QR AD Notes

This note covers the reduced QR rule materialized in the DB together with the transpose-dual LQ formulas.

Conventions

Unless noted otherwise, Linearization and Transpose are written for the raw-output-space QR factorization before any DB observable projection. For complex tensors, Transpose means the adjoint under the real Frobenius inner product

\langle X, Y \rangle_{\mathbb{R}} = \operatorname{Re}\operatorname{tr}(X^\dagger Y).

Forward

The raw operator is

A \mapsto (Q, R), \qquad A = Q R, \qquad Q^\dagger Q = I.

Linearization

For M \geq N,

dR = \operatorname{syminv}\!\left(\operatorname{sym}(Q^\dagger dA R^{-1})\right) R,

dQ = (dA)R^{-1} - Q(dR R^{-1}).

For M < N, the leading square block R_1 controls the constrained part and the exact trilIm / trilImInv formulas are recorded below.

JVP

The JVP is the same case-split linearization returned on the raw factors (dQ, dR).

Transpose

For M \geq N,

\bar{A} = \left[\bar{Q} + Q \cdot \operatorname{copyltu}(R \bar{R}^\dagger - \bar{Q}^\dagger Q)\right] R^{-\dagger}.

For M < N,

\bar{A} = Q \bar{R} + \pi^\*\!\left( Q \, \operatorname{trilImInvAdjSkew}(Q^\dagger \bar{Q} - \bar{R} R^\dagger) R_1^{-\dagger}\right).

VJP (JAX convention)

JAX reads the same raw transpose on the QR outputs before any downstream observable repackages the factors.

VJP (PyTorch convention)

PyTorch uses the same full-rank versus wide-reduced case split in linalg_qr_backward. The transpose-dual LQ formulas are preserved later in this note.

Scalarized Sum-Loss Rule

For the scalar loss used by downstream gradient benchmarks,

\phi_{\mathrm{qr}}(A) = \operatorname{Re}\left(\sum_{ij} Q_{ij} + \sum_{ij} R_{ij}\right),

set the raw output cotangents to

\bar{Q} = \mathbf{1}_Q, \qquad \bar{R} = \mathbf{1}_R.
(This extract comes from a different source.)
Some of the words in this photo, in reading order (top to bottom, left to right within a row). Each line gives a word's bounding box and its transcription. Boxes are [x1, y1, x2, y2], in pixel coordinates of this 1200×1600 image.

Here \mathbf{1}_Q and \mathbf{1}_R are all-ones matrices with the same shapes as Q and R, respectively.

The R cotangent is intentionally not masked to the triangular support. In the full-rank case, leading strictly lower entries of \mathbf{1}_R enter R\mathbf{1}_R^\dagger only through the strictly upper part ignored by copyltu. In the wide case, those leading strictly lower entries contribute Q\mathbf{1}_R through the direct path and cancel against the leading-block correction in the \pi^\* term.
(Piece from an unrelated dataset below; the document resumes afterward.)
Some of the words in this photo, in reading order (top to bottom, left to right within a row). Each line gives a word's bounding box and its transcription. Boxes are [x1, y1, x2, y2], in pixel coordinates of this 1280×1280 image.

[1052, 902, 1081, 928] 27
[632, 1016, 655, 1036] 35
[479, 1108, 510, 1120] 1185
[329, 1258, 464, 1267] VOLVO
The JVP of this scalarized loss is

d\phi_{\mathrm{qr}}[dA] = \left\langle \mathbf{1}_Q, dQ \right\rangle_{\mathbb{R}} + \left\langle \mathbf{1}_R, dR \right\rangle_{\mathbb{R}},

where (dQ, dR) are obtained from the QR linearization above.
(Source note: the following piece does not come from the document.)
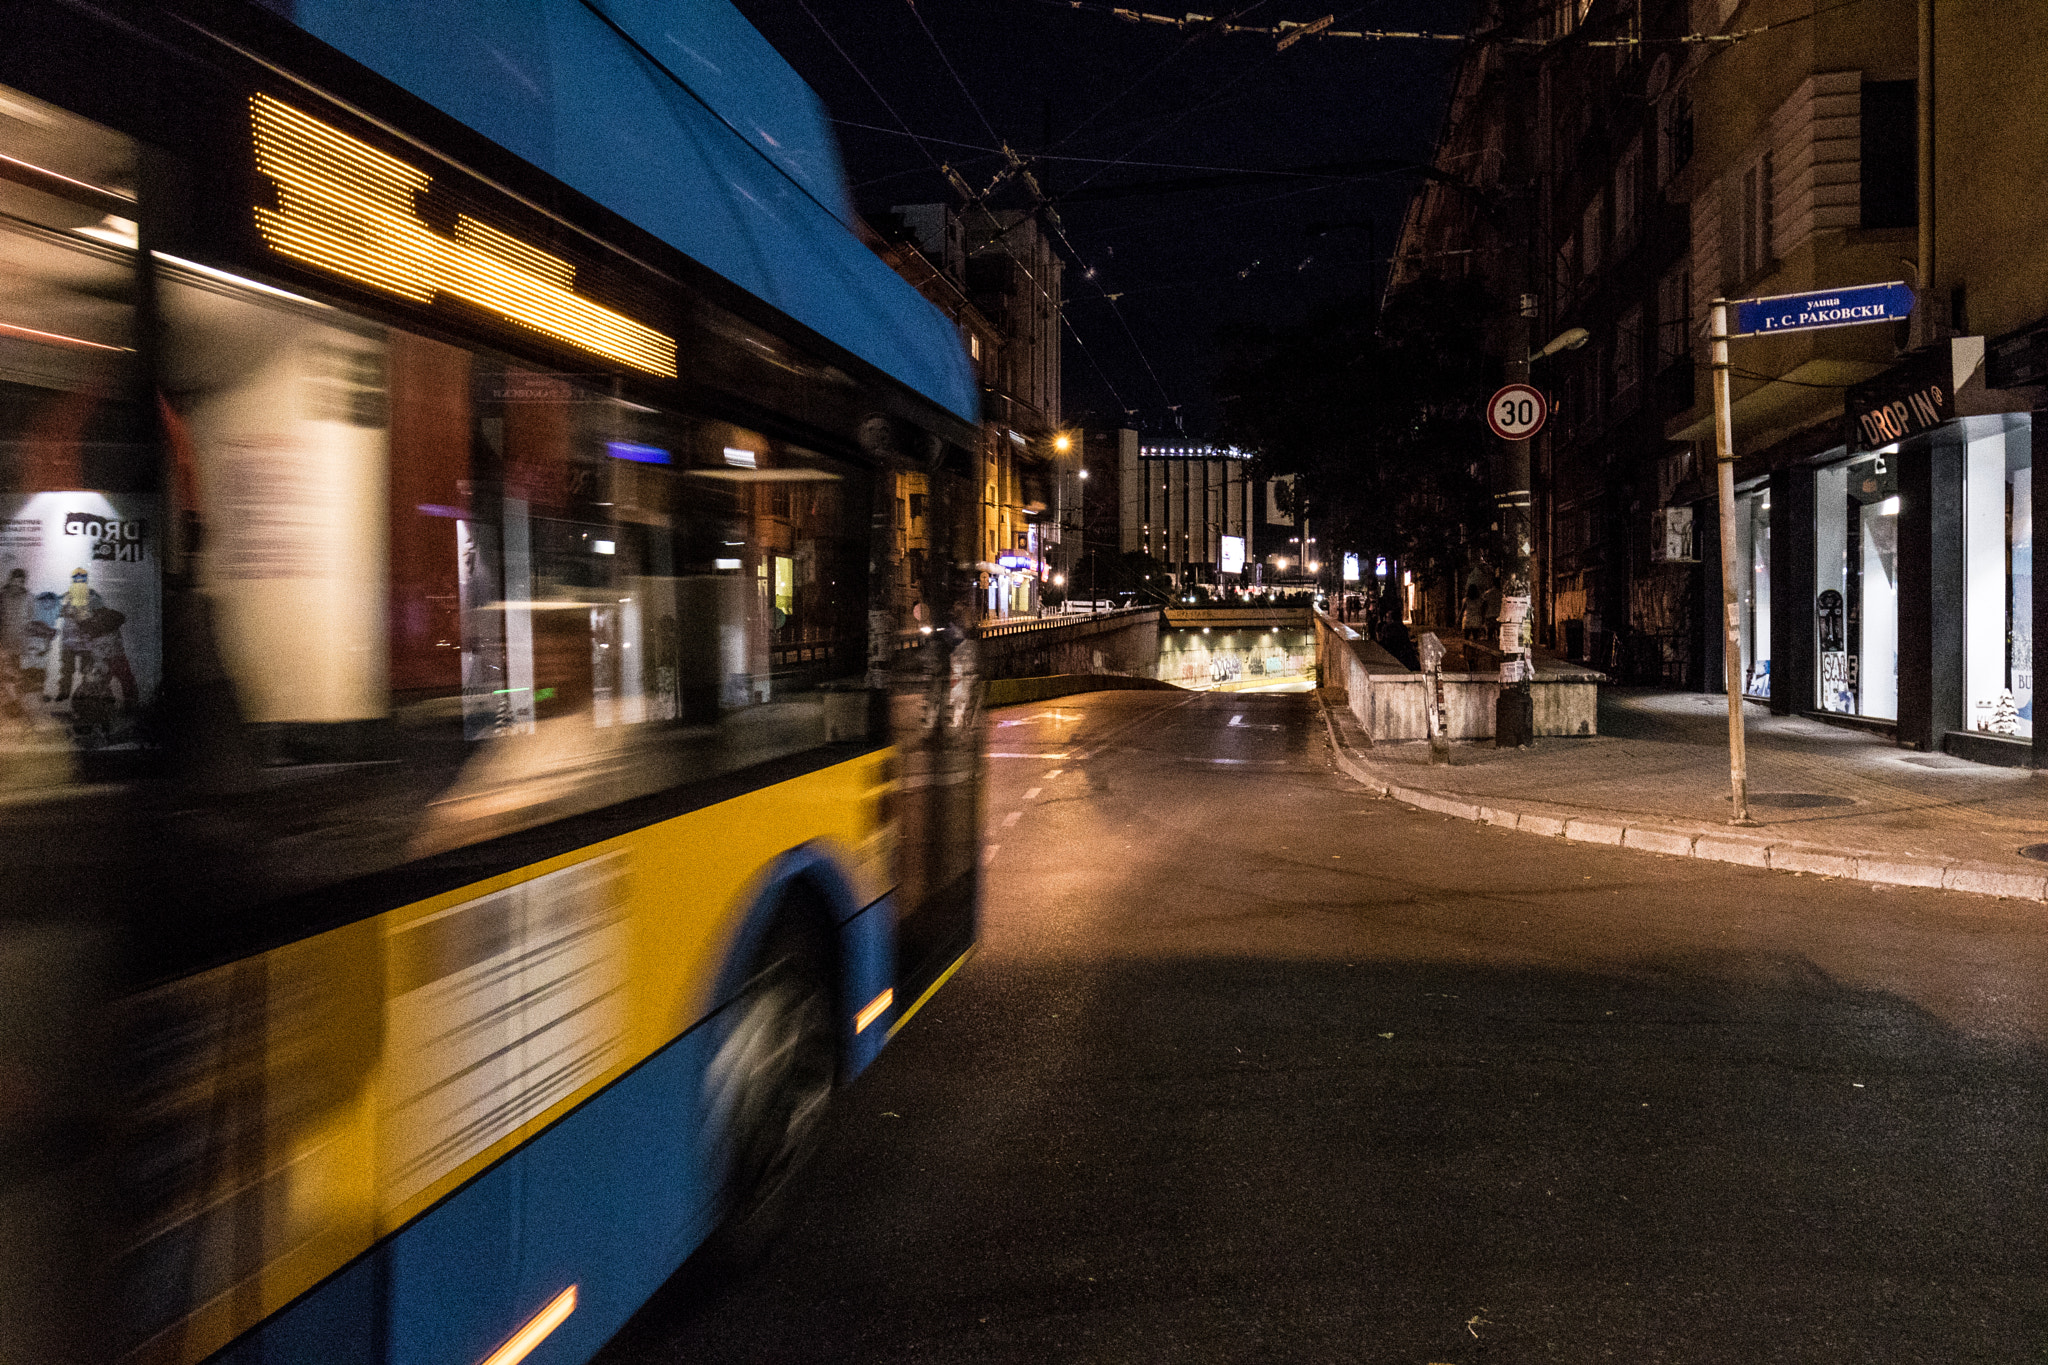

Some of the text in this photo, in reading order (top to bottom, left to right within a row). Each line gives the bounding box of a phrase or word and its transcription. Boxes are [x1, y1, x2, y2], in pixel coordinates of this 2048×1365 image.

[1766, 303, 1885, 328] Г. С. РАКОВСКИ
[1807, 297, 1840, 311] улица
[1501, 399, 1533, 426] 30
[1860, 400, 1910, 446] DROP
For the full-rank reduced case M \geq N, the VJP is the raw QR transpose specialized to all-ones cotangents:

W_{\mathrm{sum}} = R \mathbf{1}_R^\dagger - \mathbf{1}_Q^\dagger Q,

H_{\mathrm{sum}} = \operatorname{copyltu}(W_{\mathrm{sum}}),

\nabla_A \phi_{\mathrm{qr}} = \left(\mathbf{1}_Q + Q H_{\mathrm{sum}}\right) R^{-\dagger}.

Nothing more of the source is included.